Quand l’odeur du café réveille les quelques neurones qui seront en activité aujourd’hui, je me sers un bol, ajoute un sucre et demie et une pointe de lait, attrape deux tranches de pain d’épices et me dirige vers les escaliers. Par réflexe, je chope les clés sur la porte avant de la claquer. Je monte sans hâte jusqu’au toit de mon immeuble et sors au grand air. J’ai arrêté de fumer il y a trois mois, mais ce matin, une petite roulée m’aurait fait du bien. Tant pis. Je m’accoude au parapet et regarde la ville, sept étages plus bas, en inspirant profondément. Je mange une tranche de pain d’épices et bois la moitié de mon bol de café avant de faire le tour du toit. Il n’est pas là. Pas encore arrivé, ou déjà parti, je ne sais pas. Ou peut-être qu’il m’observe aux jumelles de l’immeuble d’en face, qu’il contrôle la caméra de surveillance fixée au-dessus de la porte. Depuis trois ans, je m’attends à tout de sa part.

Je ne suis pas si pressé ce matin, j’avais mis mon réveil pour m’occuper de la lessive, du ménage et des courses avant d’aller travailler. Je peux rester ici un peu, je suis de toute façon trop fatigué pour m’énerver. Encore une fois, j’agis comme une marionnette sous ses mains. Mais c’est ça ou le perdre à jamais, et je ne peux m’y résoudre, pas encore. Je termine mon petit déjeuner et scrute tout ce que je peux voir de mon toit. Il a dû laisser un signe quelque part. Forcément. Mais je ne vois rien d’inhabituel. Pris d’une inspiration, je me hisse sur le muret et m’assieds jambes dans le vide, comme nous le faisions quand nous étions mômes.

“Les poules ont des dents”. Mon cœur rate un battement puis en bombarde quatre pour compenser ; je n’ai jamais été si réveillé. Je me retourne et le vois adossé à la porte qui donne sur les escaliers. Il est arrivé en toute discrétion le temps que je m’installe. Il poursuit : “Les poules descendent des dinosaures et ont conservé quelques gènes de leurs ancêtres, comme des archives cachées dans leur propre génome. Quand des mutations forcent ces gènes à s’exprimer, certains poulets naissent avec des dents. Les scientifiques ont un peu forcé le hasard et élèvent maintenant des poules dentées.”

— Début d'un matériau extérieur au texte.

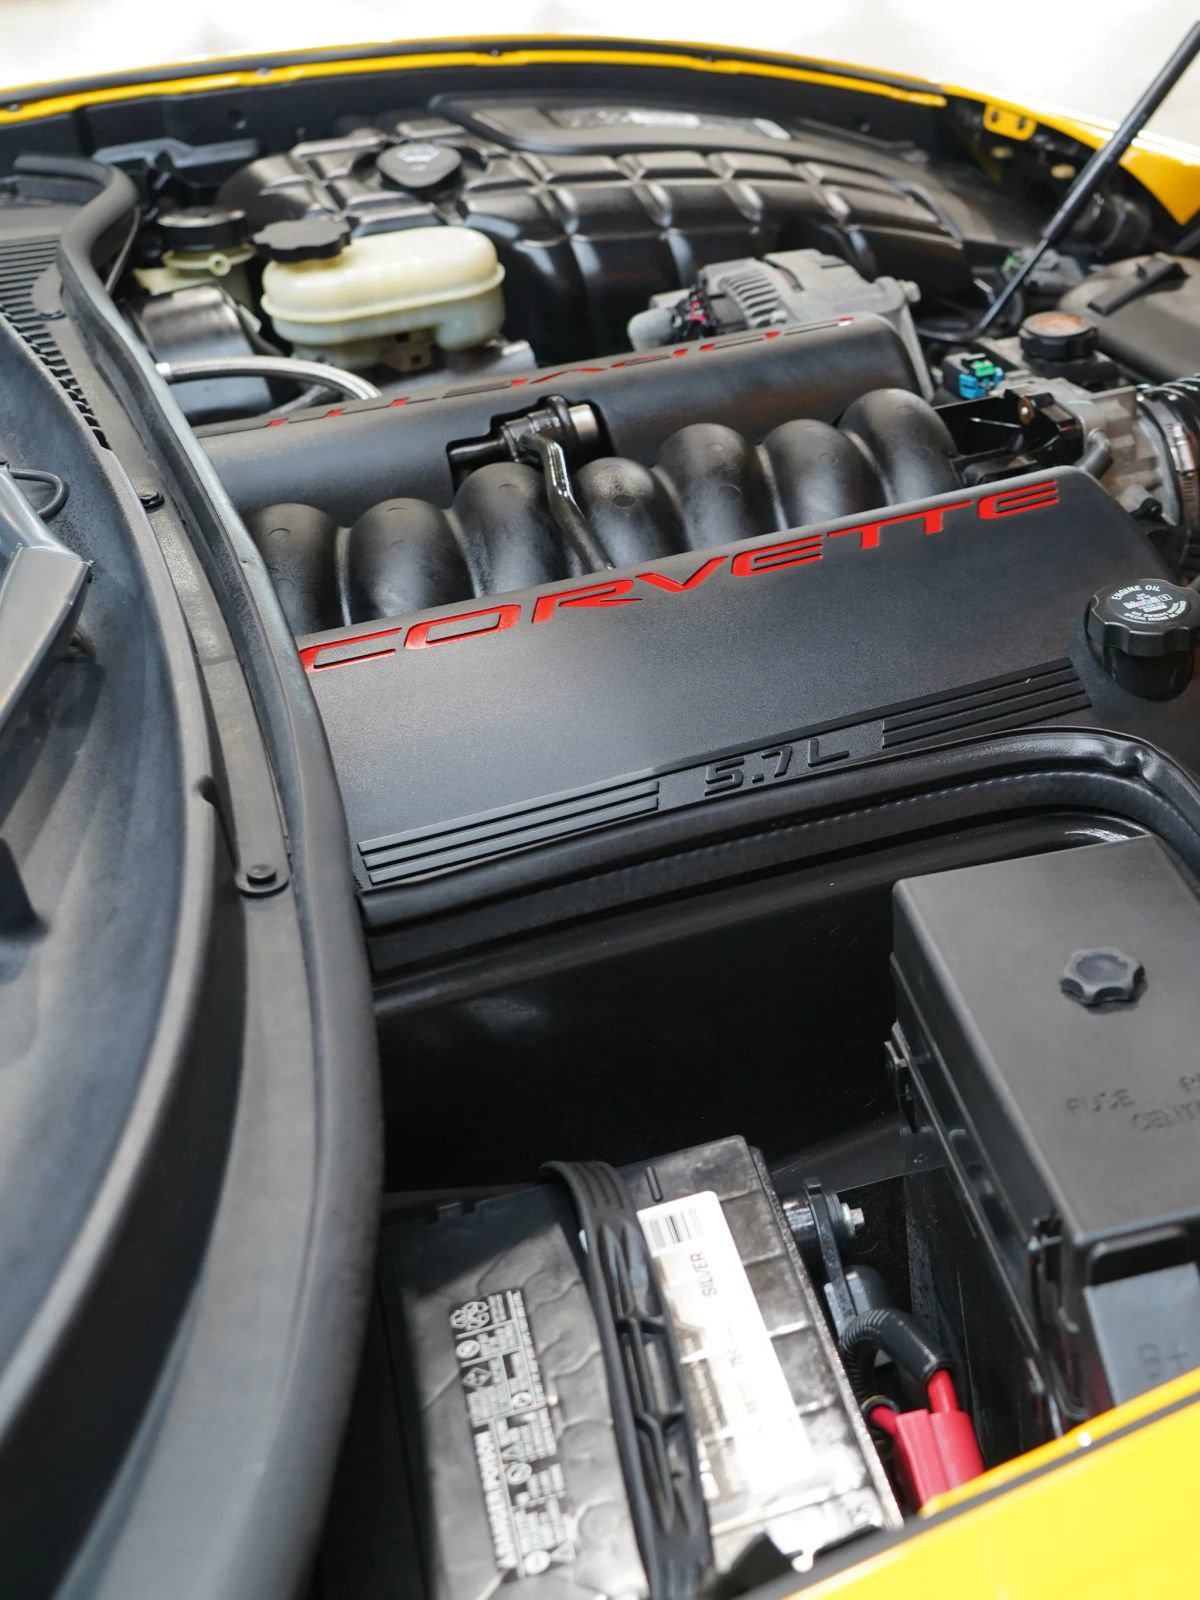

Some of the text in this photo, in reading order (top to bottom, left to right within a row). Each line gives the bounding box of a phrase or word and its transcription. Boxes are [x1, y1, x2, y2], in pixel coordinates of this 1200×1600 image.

[300, 479, 1058, 674] CORVETTE
[1110, 585, 1142, 600] ENGINE
[689, 1252, 718, 1298] SILVER

Je l’écoute d’une oreille en évitant de bouger. Comme pour ne pas effrayer un papillon qui se serait posé sur mon bras, je perds tout naturel. Je ne veux plus qu’il se sauve. De me retrouver face à lui après plus d’un an de cache-cache, je ressens au fond des tripes tout le manque accumulé, toutes les angoisses emmagasinées lors de ses si longs silences. Enfin mon petit frère est revenu, et il peut bien me parler de poules, de dents, de dinosaures ou même de castors géants s’il le veut, je suis prêt à le relancer.